--- Data to examine Enclosed Below ---

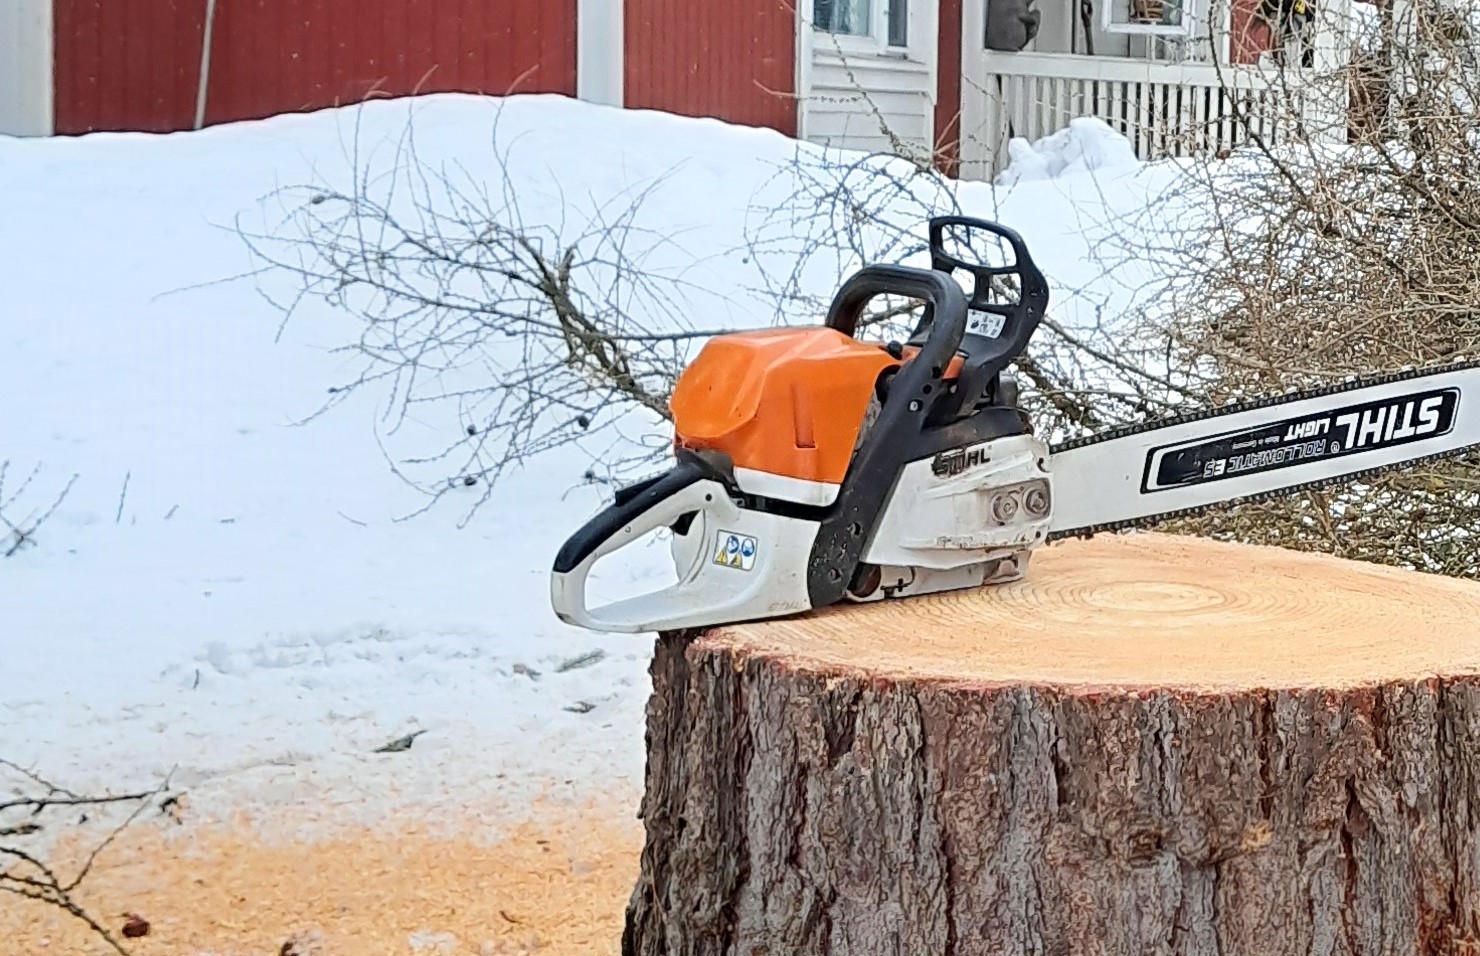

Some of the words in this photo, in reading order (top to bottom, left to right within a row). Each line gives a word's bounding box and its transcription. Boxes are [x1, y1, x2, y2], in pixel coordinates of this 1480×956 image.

[1283, 418, 1331, 442] LIGHT
[1335, 396, 1443, 450] STIHL
[1227, 439, 1326, 473] ROLLOMATIC
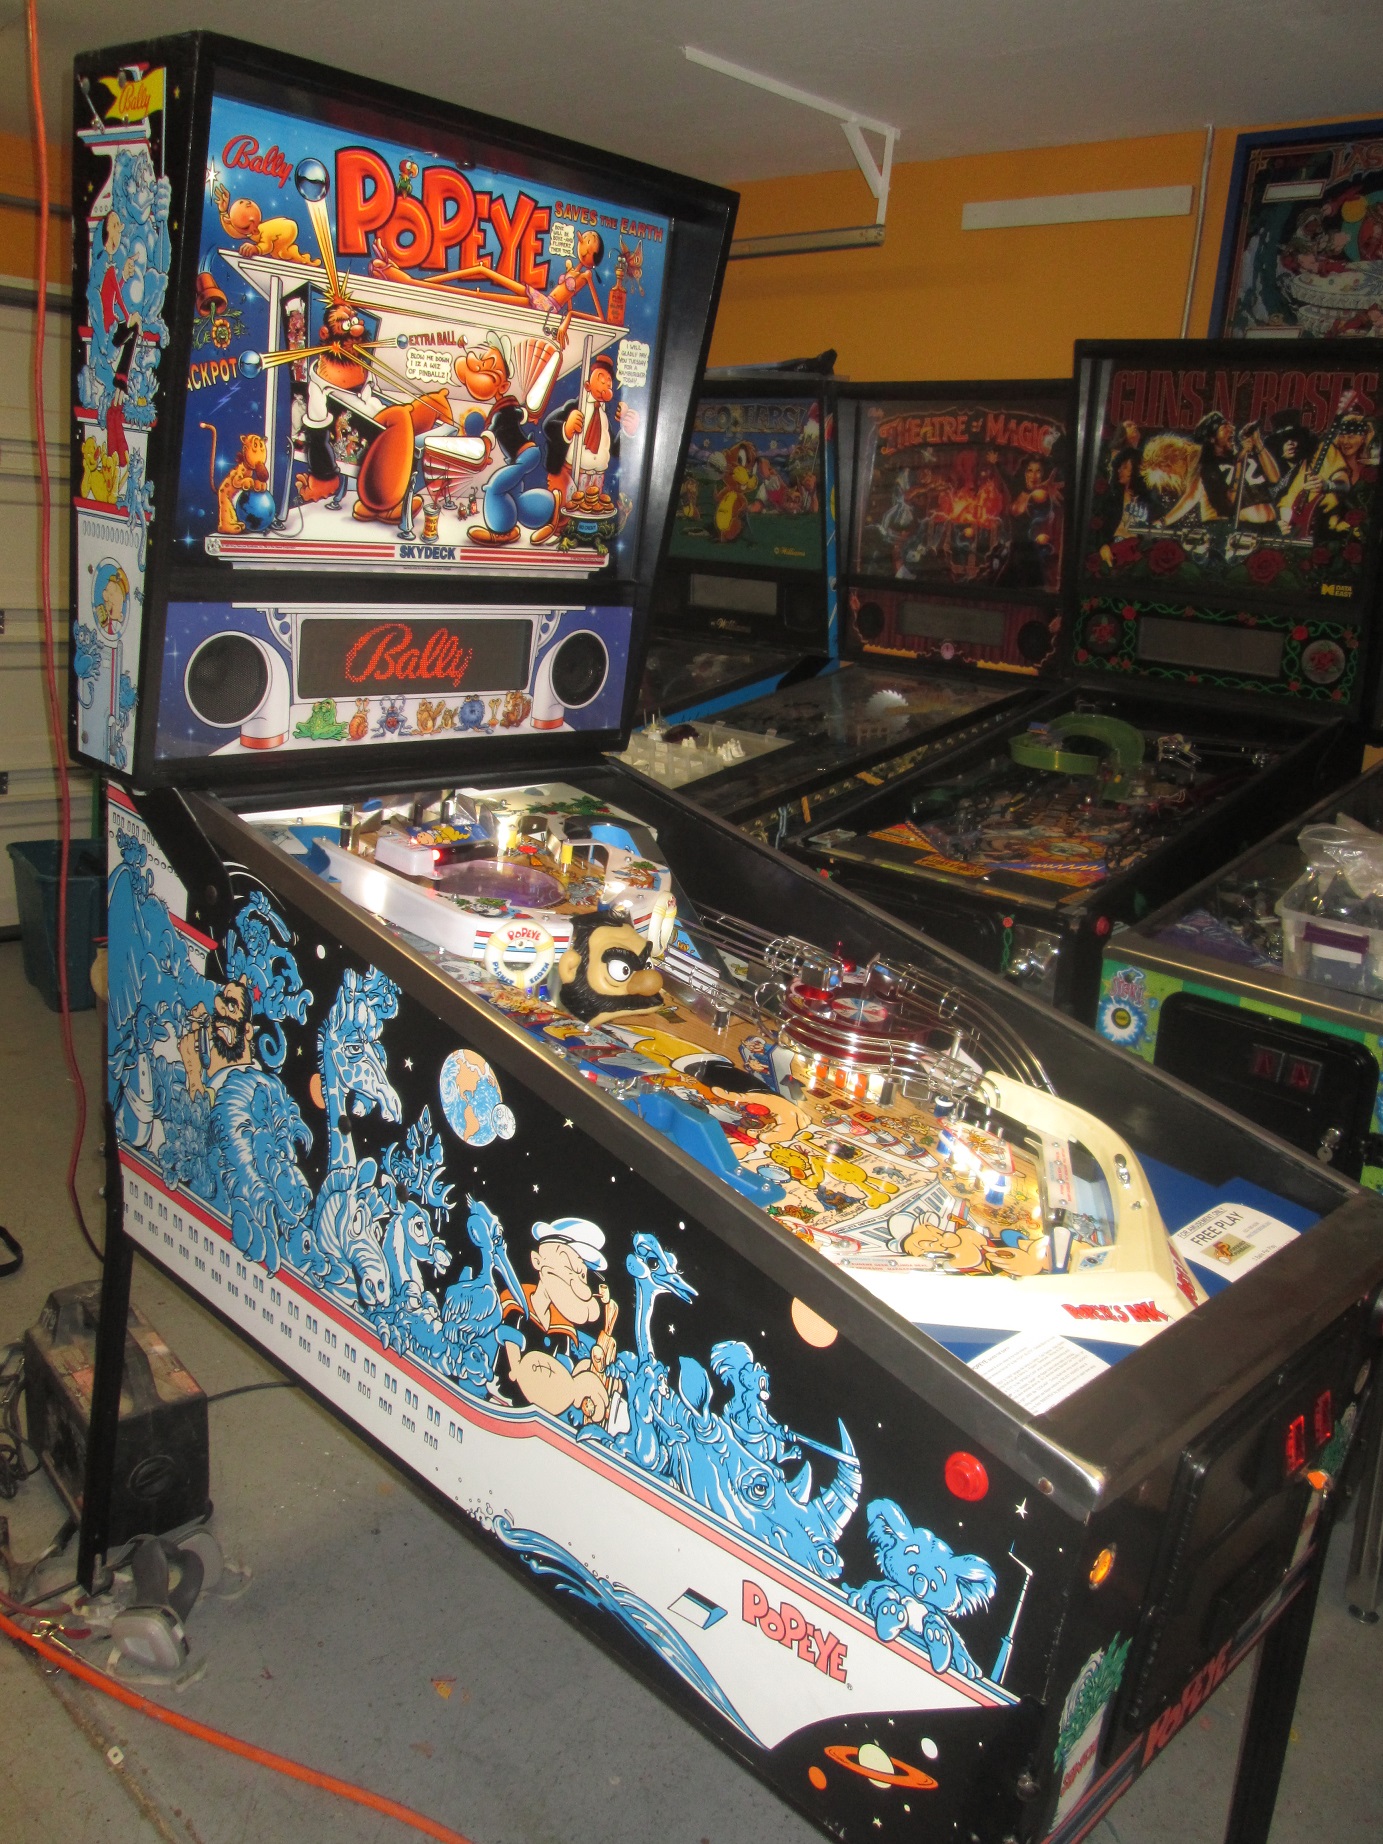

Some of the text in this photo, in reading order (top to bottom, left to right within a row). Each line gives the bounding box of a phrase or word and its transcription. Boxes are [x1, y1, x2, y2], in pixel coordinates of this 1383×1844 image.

--- End of Enclosed Data to examine ---

Brief: Copy the listing above in full and exactly, but omit each picture that it holds.

Task output:
Some of the words in this photo, in reading order (top to bottom, left to right within a row). Each line gives a word's bounding box and its transcription. Boxes are [x1, y1, x2, y2], in pixel coordinates of this 1480×956 image.

[1283, 418, 1331, 442] LIGHT
[1335, 396, 1443, 450] STIHL
[1227, 439, 1326, 473] ROLLOMATIC

Some of the text in this photo, in reading order (top to bottom, left to right within a row). Each line gives the bounding box of a phrase or word and its transcription. Boxes are [x1, y1, x2, y2], in pixel coordinates of this 1383×1844 image.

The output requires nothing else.